Posted on 01/05/2010 7:50:23 AM PST by Tolik

... But a civilization becomes incompetent not only when it fails to learn the lessons of its past, but also when it becomes crippled by them.

... Our deeper incompetence stems from an inability to recognize the proper limits to our own virtues ... 

Thus we reject profiling on the commendable grounds that human beings ought not to be treated as statistical probabilities. But at some point, the failure to profile puts innocent lives recklessly at risk. We also abhor waterboarding for the eminently decent reason that it borders on torture. But there are worse things than waterboarding—like allowing another 9/11 to unfold because we recoil at the means necessary to prevent it. Similarly, there are worse things than Guantanamo—like releasing terrorists to Yemen so they can murder and maim again (and so we can hope to take them out for good in a "clean" Predator missile strike).

Put simply, we do not acquit ourselves morally by trying to abstain from a choice of evils. We just allow the nearest evil to make the choice for us.

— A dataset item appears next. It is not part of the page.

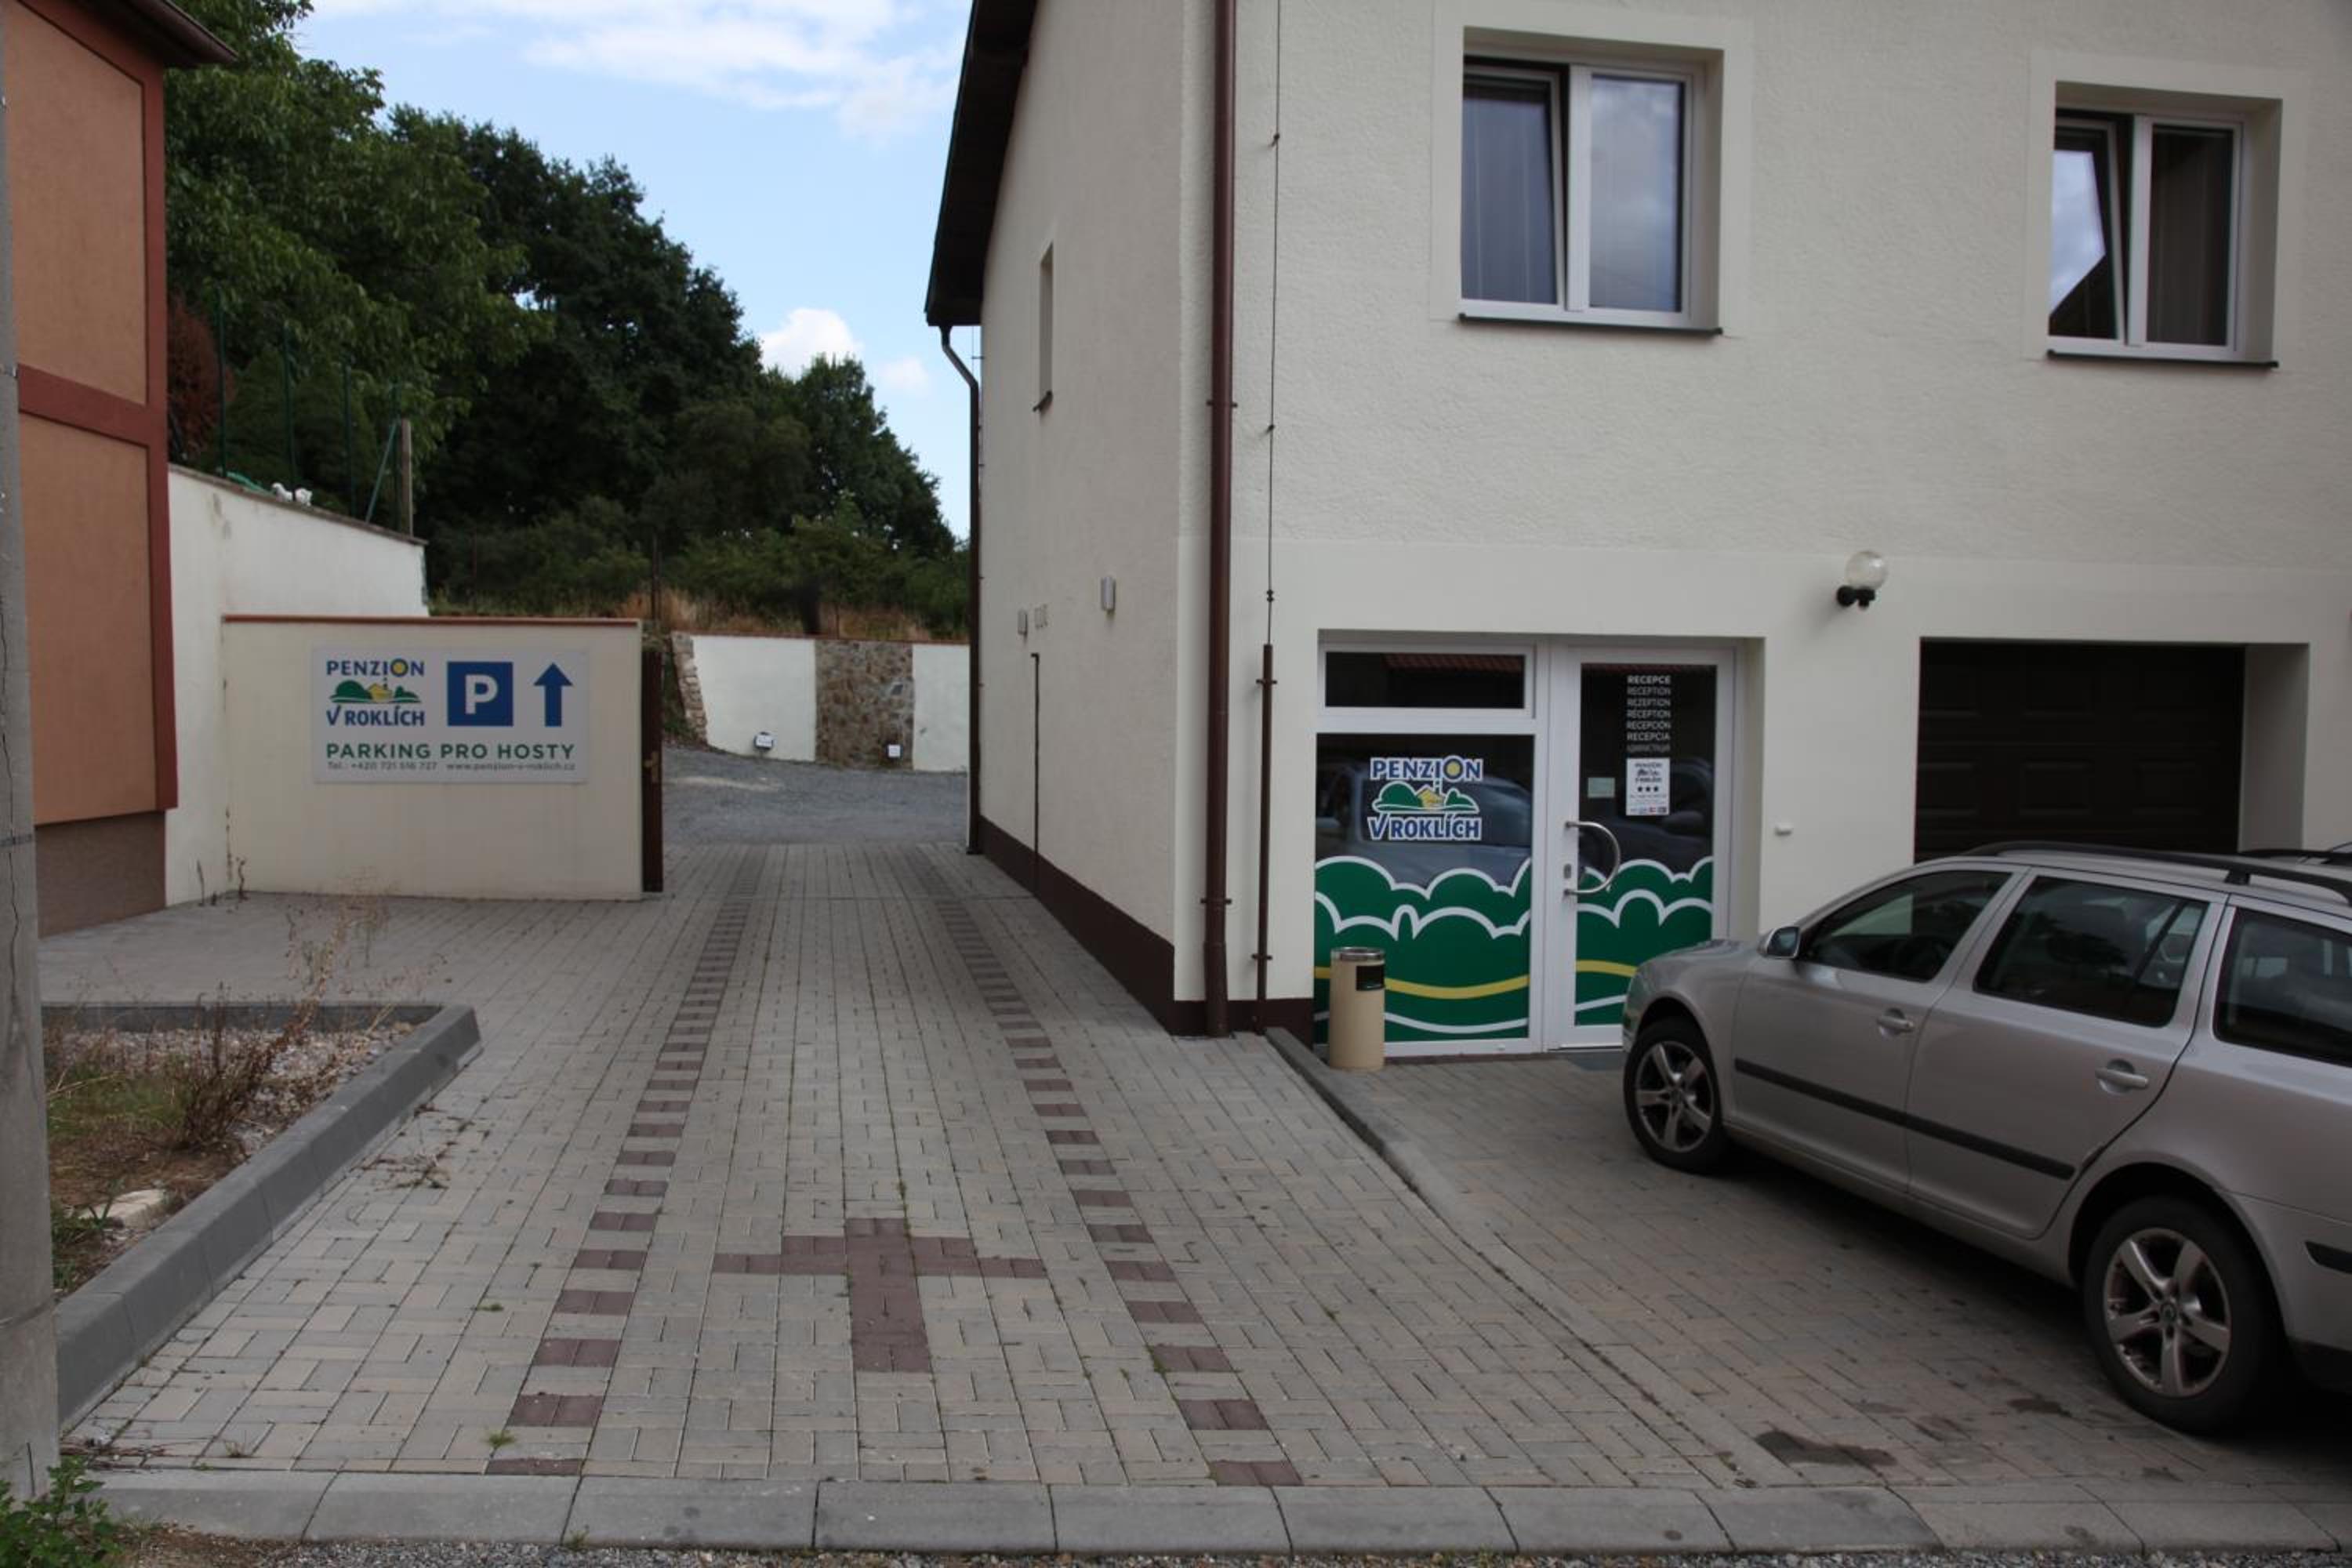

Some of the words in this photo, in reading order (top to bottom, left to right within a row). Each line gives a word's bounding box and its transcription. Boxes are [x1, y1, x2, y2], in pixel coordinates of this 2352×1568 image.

And so it goes. We can be proud of how deeply we mourn the losses of troops in Afghanistan and Iraq. But a nation that mourns too deeply ultimately becomes incapable of conducting a war of any description, whether for honor, interest or survival. We rightly care about the environment. But our neurotic obsession with carbon betrays an inability to distinguish between pollution and the stuff of life itself. We are a country of standards and laws. Yet we are moving perilously in the direction of abolishing notions of discretion and judgment.

One of life's paradoxes is that we are as often undone by our virtues as by our vices. And so it is with civilizations, ours not least.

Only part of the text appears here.